How much is that doorman in the doorway? What owners pay for staff

what can you do with two-tenths of a doorman?
Yesterday’s NY Sun has an article about doormen that focuses on costs. They estimate that 24-houir coverage costs about $160,000 pre year (for “4.2” doormen). Shared among 100 owners in a building is only $133 per month per unit, but is $665/mo per unit in a 20 unit building.
doormen do not work alone
Of course, lots of buildings that have 24-hour coverage have other staff as well – at a minimum, a part-time superintendent. But The Sun talks about a building with 40 employees (that would be for a resident manager, doormen, concierge, porters, and handymen out the proverbial wazoo … everything but a candlestick maker). Figure a million and a half dollars for that staff – at a minimum. That is a big nut to carry, even among several hundred units. (Over $500/mo per unit just for staff in a 250 unit building.)
feeling squeezed at the holidays?
Then there is the delicate matter of the vig (I mean tips for the staff at the holidays). Lots of people I know tip a couple hundred bucks in even small buildings with small staffs – on top of a holiday “bonus” from “the building”. In a large building? The sky is the limit.
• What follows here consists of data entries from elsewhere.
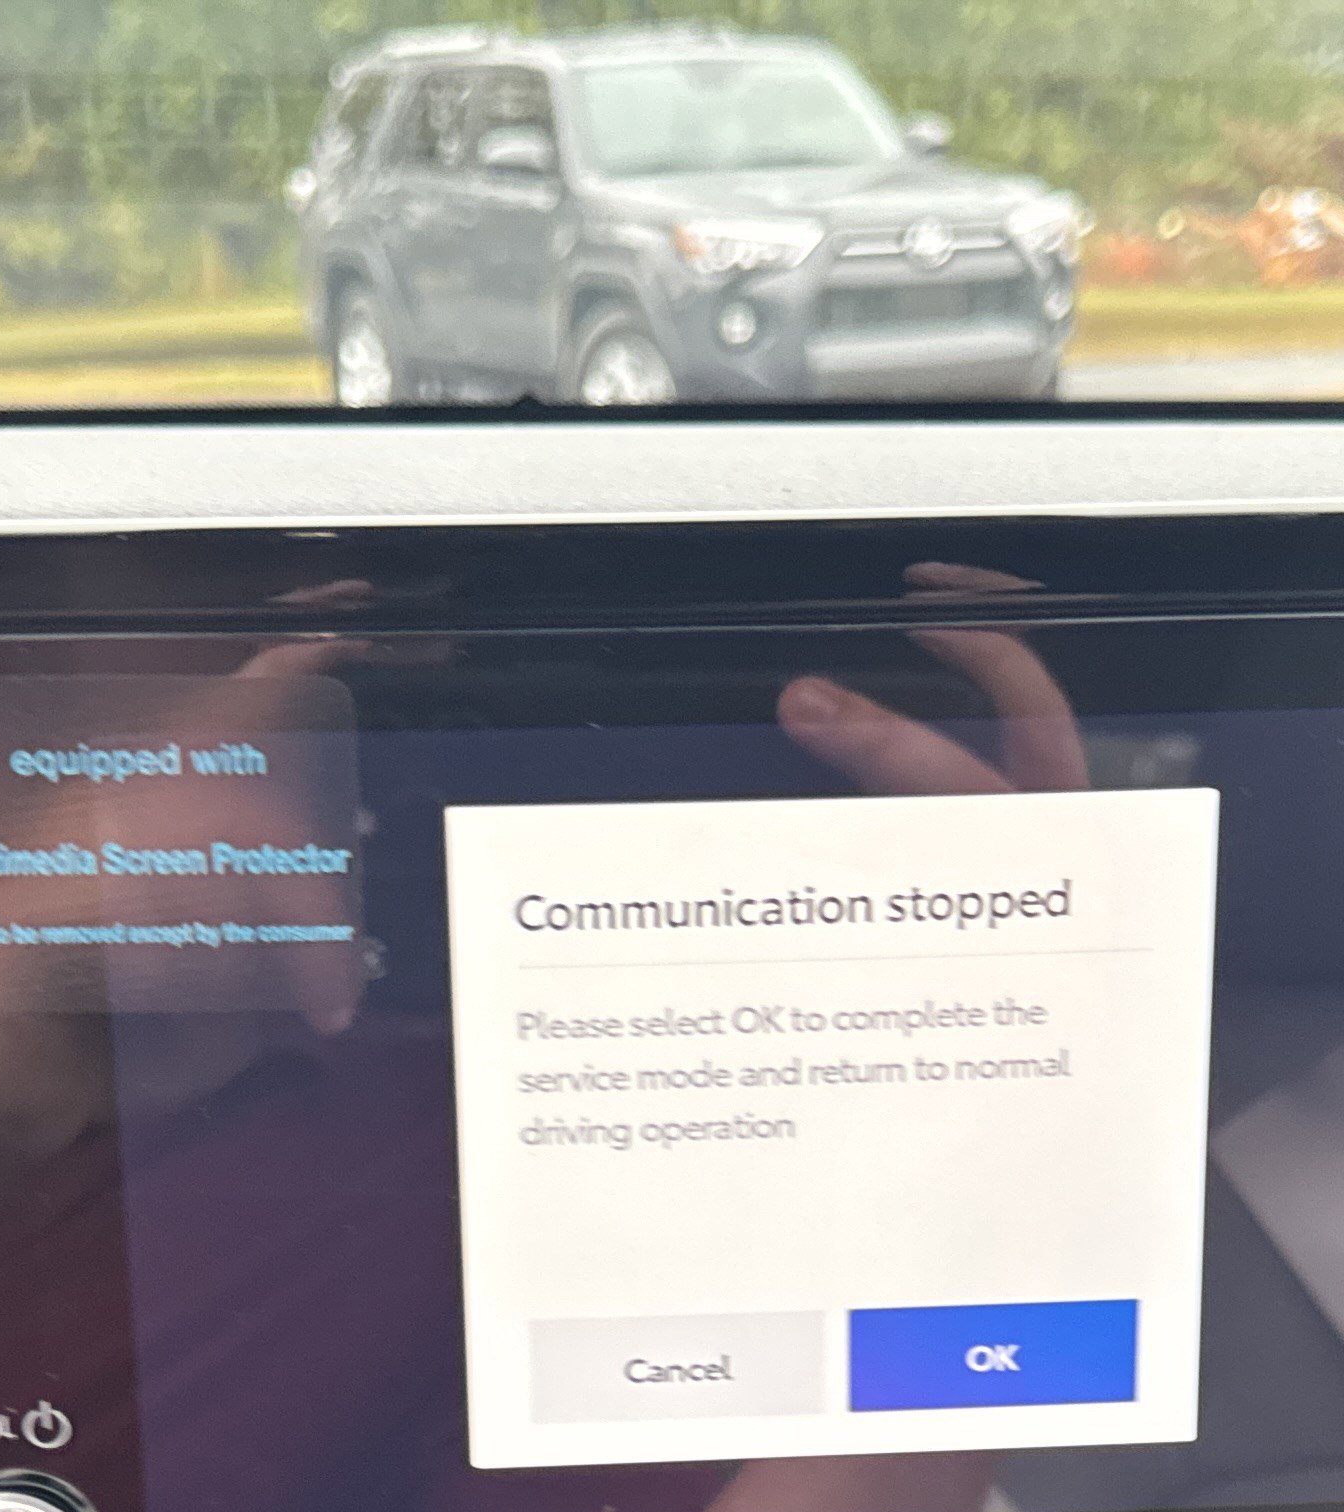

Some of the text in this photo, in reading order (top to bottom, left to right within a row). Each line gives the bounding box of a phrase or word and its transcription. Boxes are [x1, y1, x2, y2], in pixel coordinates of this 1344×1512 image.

[9, 742, 269, 783] equipped with
[100, 842, 208, 875] Screen
[211, 841, 353, 875] Protector
[513, 878, 1074, 933] Communication stopped
[515, 998, 1049, 1041] Please select OK to complete the
[517, 1049, 1072, 1095] service mode and return to normal
[518, 1112, 797, 1152] driving operation
[623, 1344, 1022, 1384] Cancel OK
[one anonymous resident] estimates he collectively spent roughly $3,000 on year-end gifts for about 40 building employees last year, including the superintendent and maintenance staff.
For lots of buyers, the cost of staff is almost irrelevant – they must have the people running to the curb with an umbrella when they pull up in a cab in the rain, or the engineer to change the light bulb immediately.
With those people I think it is hard to say “what the doorman [etc] is worth” because they simply will not buy in a building that lacks the requisite staff. And they will to count on changing a non-staff building to a staffed building, because it is very hard to get a group of residents used to a certain level of ‘service’ to radically increase their monthly expenses to add more service. Not to mention that many smaller buildings literally do not have the lobby space to accommodate any staff.
but not ‘true’ loft-dwellers
Most of those people are not loft buyers – at last not ‘classic’ loft buyers. But that is for another post.